Novespace, filiale du CNES qui gère l’Airbus A300 Zéro-G servant aux
expériences en apesanteur lors de vols paraboliques, vient d’annoncer qu’elle
ouvrait au public cette prestation. Pour au peu
moins de 6 000€, il vous
sera donc possible de monter à bord de l’Airbus, au décollage depuis l’aéroport
de Bordeaux-Mérignac ou Paris-Le Bourget, pour découvrir cette sensation de
flottement libre. Un service « Vomit Comet » unique en Europe, les
vols paraboliques publics n’étant proposés jusqu’à maintenant qu’aux Etats-Unis
– notamment par la Zero Gravity Corporation de Peter Diamondis – et en Russie.

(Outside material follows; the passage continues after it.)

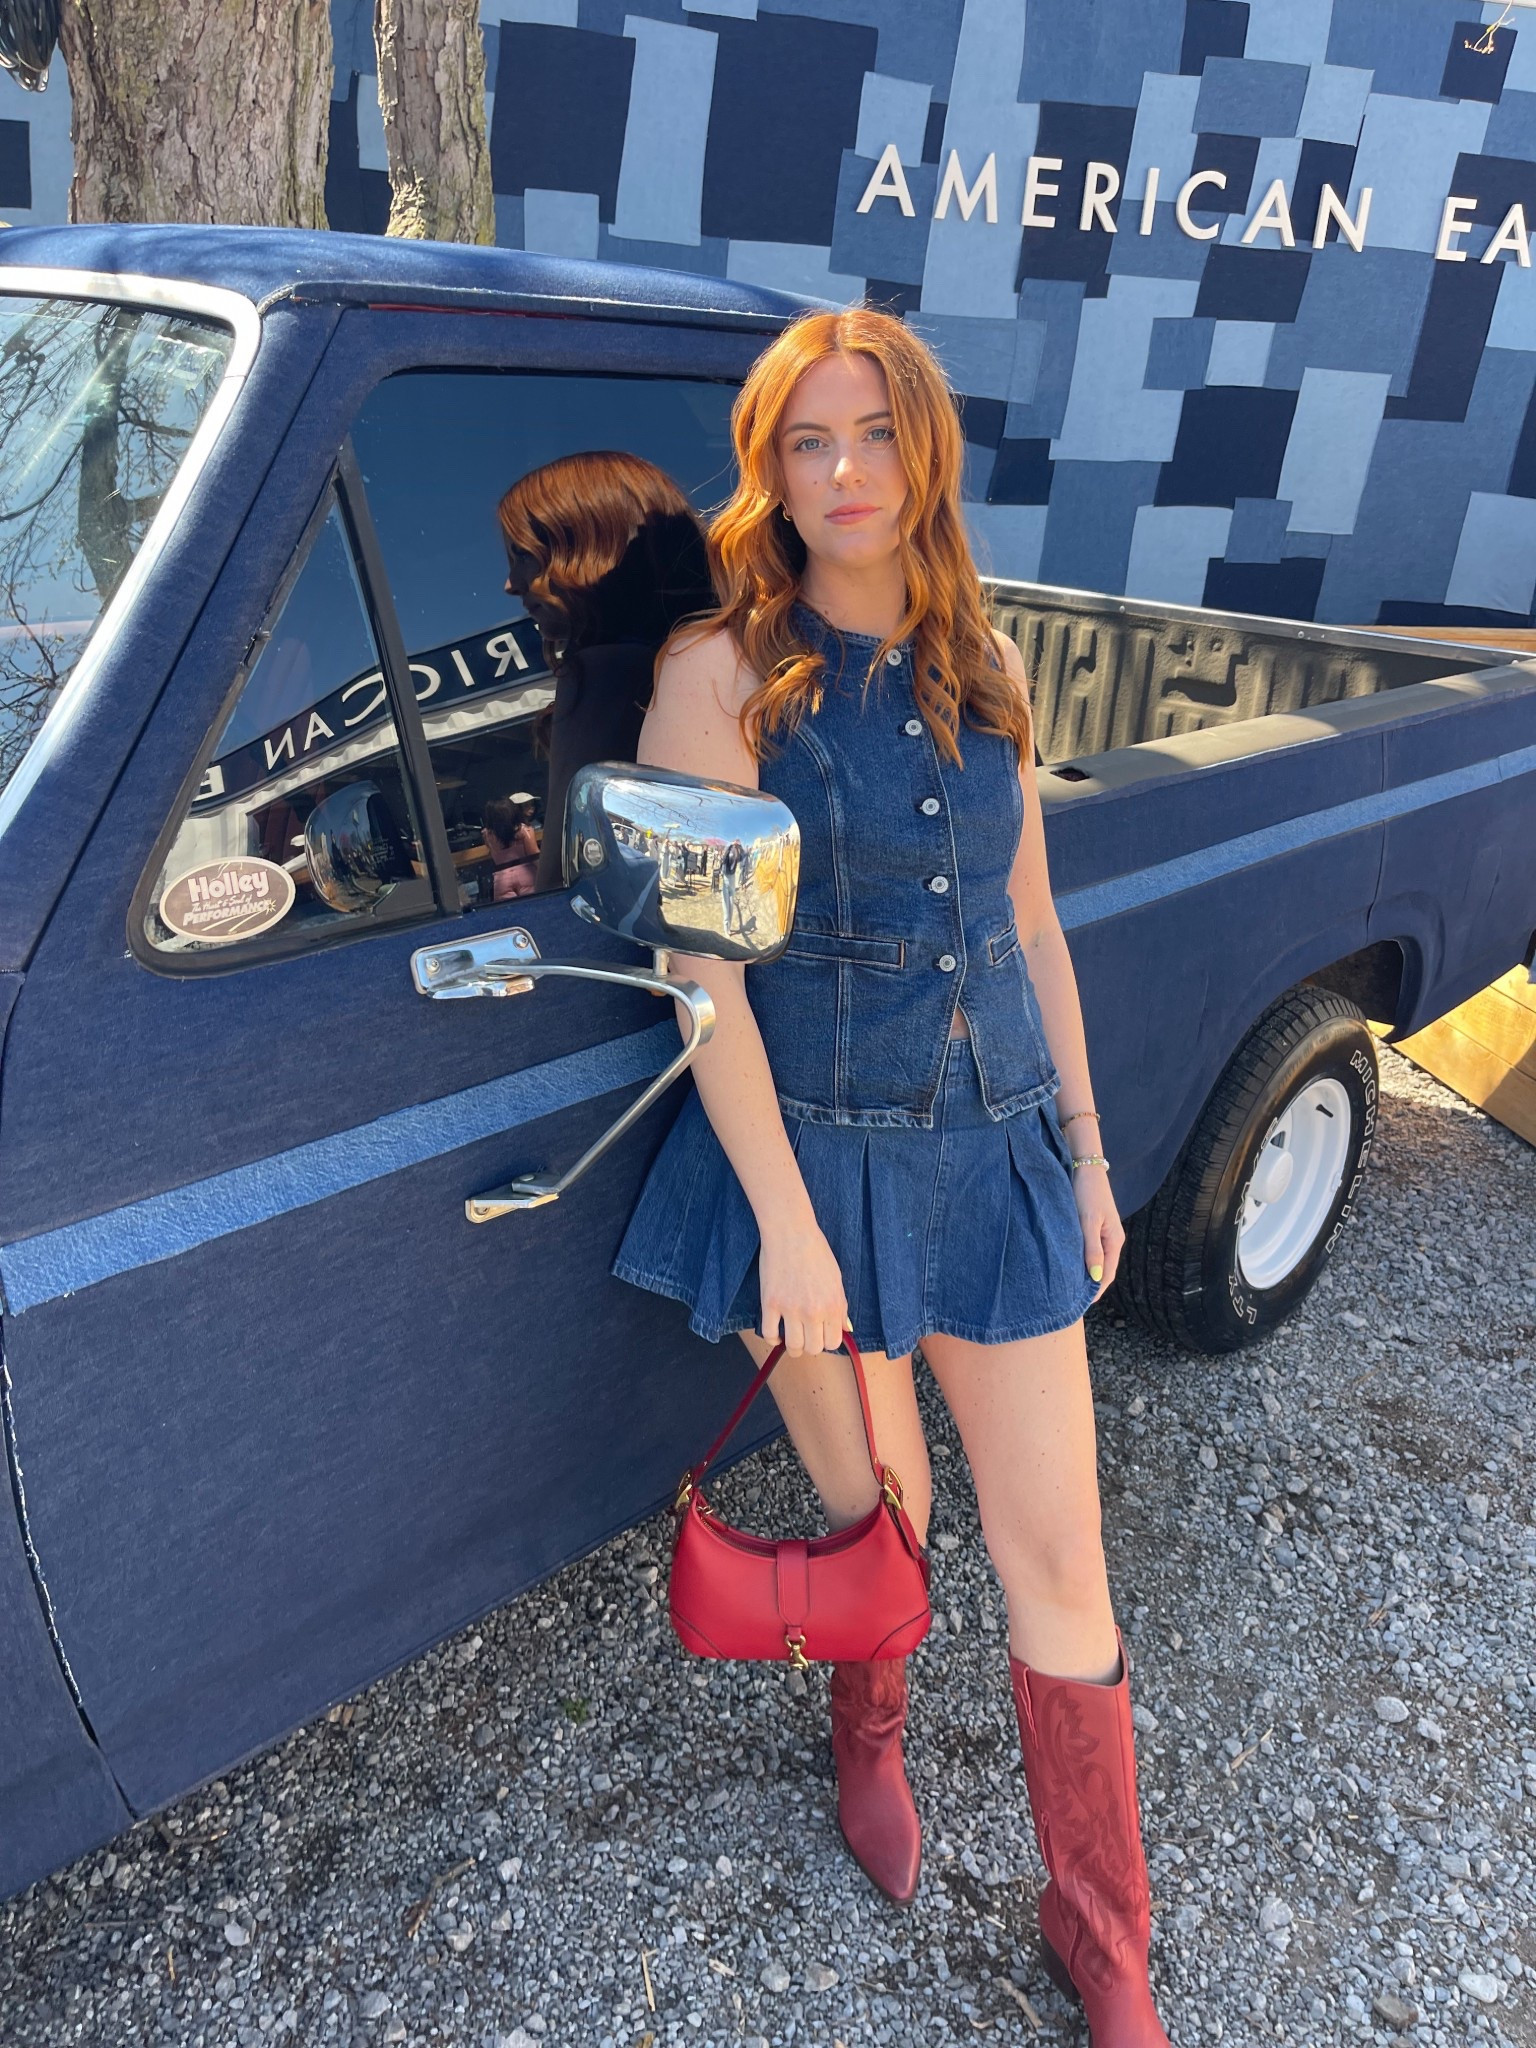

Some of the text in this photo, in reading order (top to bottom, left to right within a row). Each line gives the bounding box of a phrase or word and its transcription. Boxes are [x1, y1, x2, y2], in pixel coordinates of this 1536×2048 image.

[856, 144, 1532, 268] AMERICAN EA
[188, 871, 270, 903] Holley
[1325, 1050, 1377, 1254] MICHELIN

3 vols commerciaux, organisés par la société Avico, sont prévus pour 2013. Tous
les vols « Air
Zero G » seront effectués en
présence de Jean François Clervoy, astronaute de l’ESA et PDG de Novespace, qui
partagera son expérience d’astronaute avec les passagers tout au long de la
journée et interviendra en alternance auprès de chaque groupe pendant le vol.
A
la rubrique cinéma cette semaine, le retour d’une saga typiquement
spatiale : Star Trek fait cette
année une seconde apparition dans sa version modernisée, avec Into Darkness (J. J. Abrams).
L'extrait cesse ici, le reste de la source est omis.